3 min read

Top 10 channel mistakes vendors are making

Channel Strategy

Vendor channel partner programs and initiatives have come a long way in the last 20 years or so, but there are several things they still do regularly that perturb their partners. Channel advisory organization PartnerPath recently hosted a webinar explaining 10 of the biggest mistakes vendors still make even as the channel has become more important to their businesses.

“Partnering has really continued to increase in importance from when I started in the channel way back in the mid-1990s,” said Diane Krakora, CEO of PartnerPath, during the webinar. “Back then, the channels were ad hoc, everyone found it was hard to manage and the question we got was ‘why would I want to give away margins?’ Today, channel is an executive-level strategic concern.”

Guest speaker Stephanie Sissler, senior research director of channel sales at research and advisory firm Sirius Decisions, agreed.

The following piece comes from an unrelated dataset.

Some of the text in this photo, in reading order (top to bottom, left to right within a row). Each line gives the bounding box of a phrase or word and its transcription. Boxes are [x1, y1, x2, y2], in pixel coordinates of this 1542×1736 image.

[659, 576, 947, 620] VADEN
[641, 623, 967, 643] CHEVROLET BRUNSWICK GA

Changes in the market have driven vendors to adopt channel-focused go-to-market models, but Sissler noted vendors are still making errors. The end result could be partners that abandon vendors or are simply not as efficient as they could be.

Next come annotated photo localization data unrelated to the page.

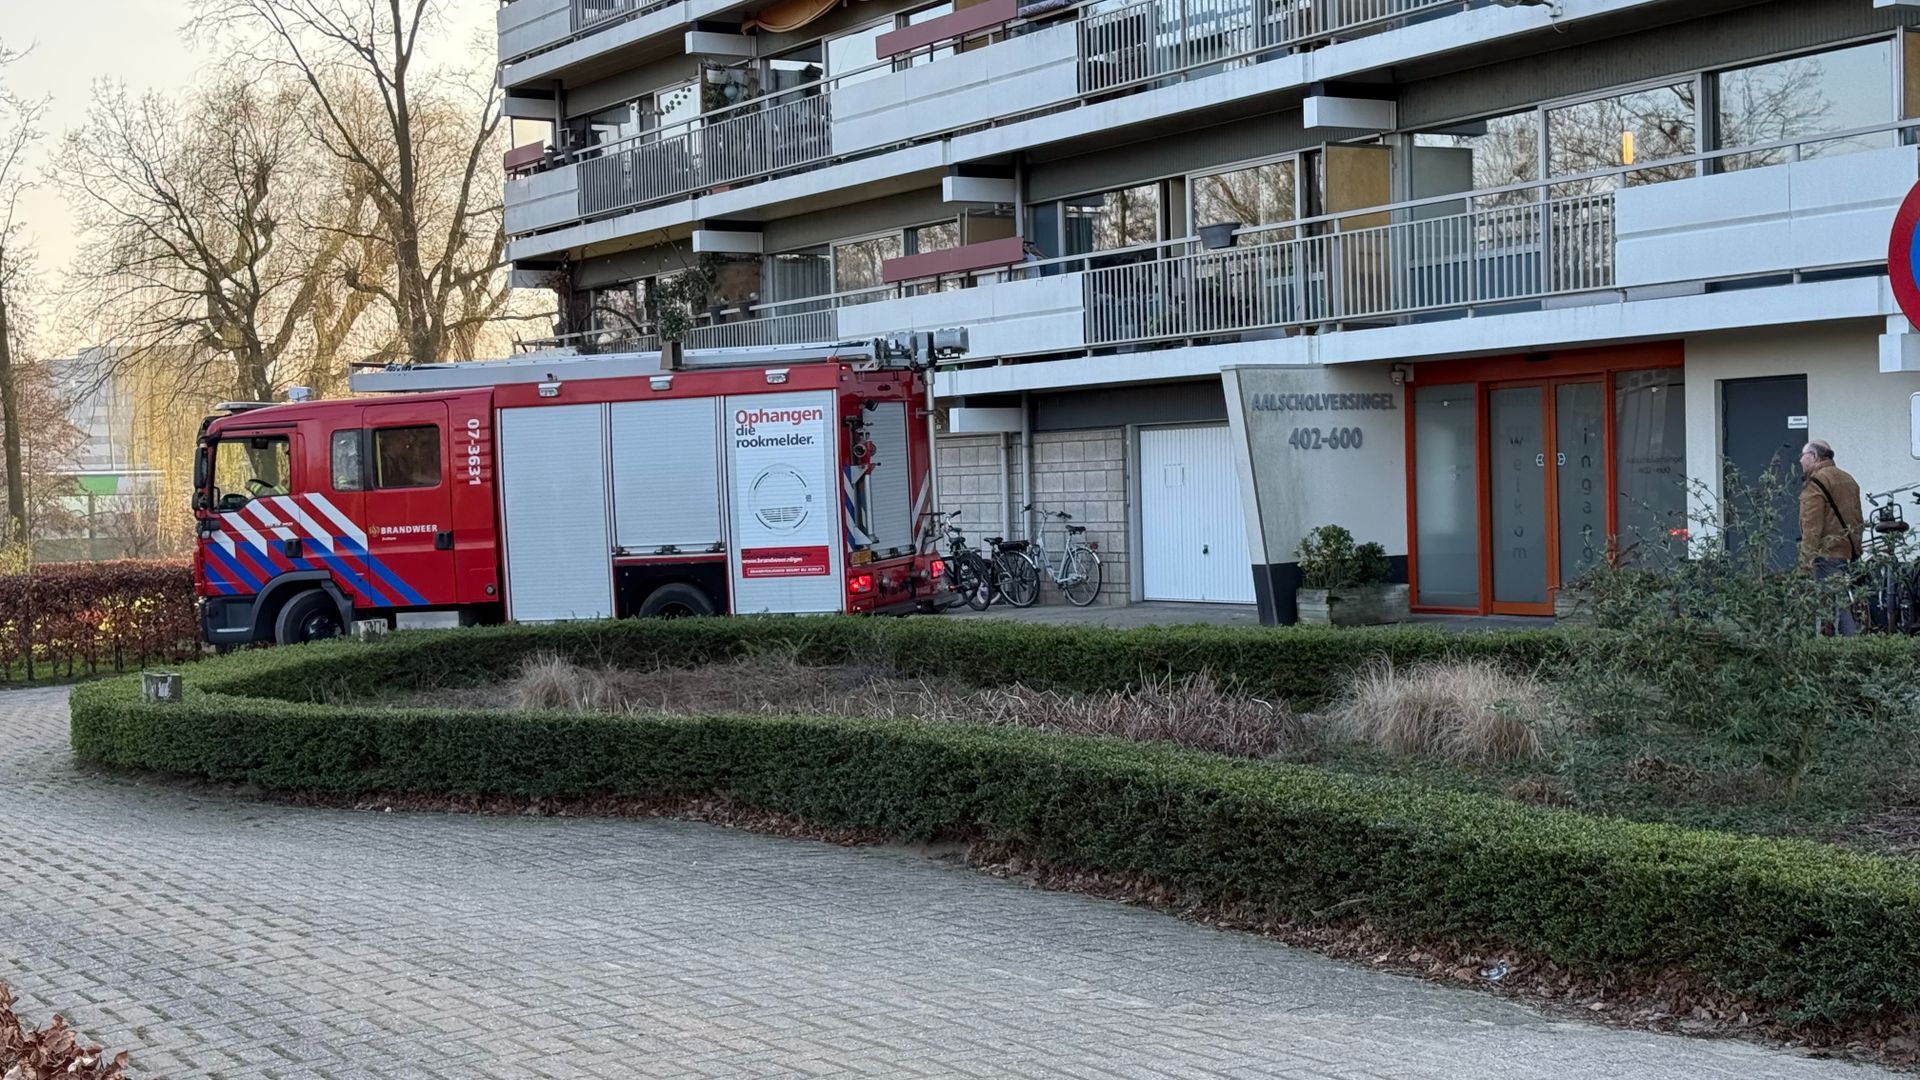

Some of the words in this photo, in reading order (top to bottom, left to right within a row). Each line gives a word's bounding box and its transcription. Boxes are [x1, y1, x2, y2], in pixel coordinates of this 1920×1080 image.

[1253, 393, 1397, 411] AALSCHOLVERSINGEL
[736, 407, 823, 426] Ophangen
[736, 425, 756, 436] die
[1289, 427, 1363, 450] 402-600
[736, 434, 815, 448] rookmelder.
[467, 418, 482, 485] 07-3631
[380, 525, 438, 535] BRANDWEER

The top 10 mistakes vendors make when it comes to the channel are:

  1. They focus on driving sales. This is the biggest mistake, Krakora said. Although revenue is important, vendors tend to separate their tiers by partner size, which pretty much always means the largest solutions providers and systems integrators are on top. According to Sissler, that has an impact on vendor/partner relationships and the ability to help smaller partners grow their businesses.
  2. They stop at technical certification. Go back more than three years, and certifications were almost exclusively limited to technical capabilities. Sales certifications have been gaining traction in that time, but most vendors are still focused too much on technical certifications, Krakora said.
  3. They drive partners to start selling as soon as they’re signed up. Although vendors stress training and certification, Krakora said many expect partners to have leads in place within days of signing on as a partner. That’s setting them up be ineffective and likely to “fail miserably” at selling. Appropriate onboarding of partners is still a huge problem vendors are struggling with, she said.
  4. They hold on too tightly to their internal processes. Being easy to do business with is important, but when internal processes make it difficult for channel partners to operate effectively, they’re more likely to switch to selling a competing vendor even if they don’t like the product as much, Krakora said. Or as Sissler put it, “Broken processes impact their bottom line.”
  5. They expect partners to market for them. “Helping partners market is important, but a channel partner is not going to make a market for you. It’s still the vendor’s or supplier’s responsibility to do that,” Sissler said.
  6. They prioritize discounts. Most companies place emphasis on partner discounts, but Sissler noted what partners really care about is profitability. It’s more important for vendors to articulate their partner return on investment, she said.
  7. They treat all products the same. Different stages of product adoption call for different routes to market. In early stages, the channel may not be right, Sissler said, but as momentum grows, direct sales becomes less critical as channel sales becomes more important. Additionally, vendors frequently make the assumption that every partner is the right one to sell their products or services, she said.
  8. They treat all customers the same. Many vendors create one program for all channel partners, regardless of vertical or company size, Krakora said. “One size does not fit all. That is true,” she added. The result is vendors treat all customers the same because of the way they categorize channel partners. Sissler indicated vendors shouldn’t build a program based on what partners call themselves but instead on how they do business with the vendor.
  9. They measure partners on volume. “Obviously volume’s important, but I think it’s important to remind folks that sales is a lagging indicator. It tells us something that happened in the past. I’m not saying we shouldn’t be focused on sales, but that we should also be focused on future indicators,” Sissler said. Krakora recommended value-based metrics instead of volume metrics for measuring partner success.
  10. And finally, they set it and forget it. Vendors often fail to continually evaluate their partnering models, programs, structure and tools. By re-evaluating such things regularly, vendors can boost efficiency and scalability, Krakora said.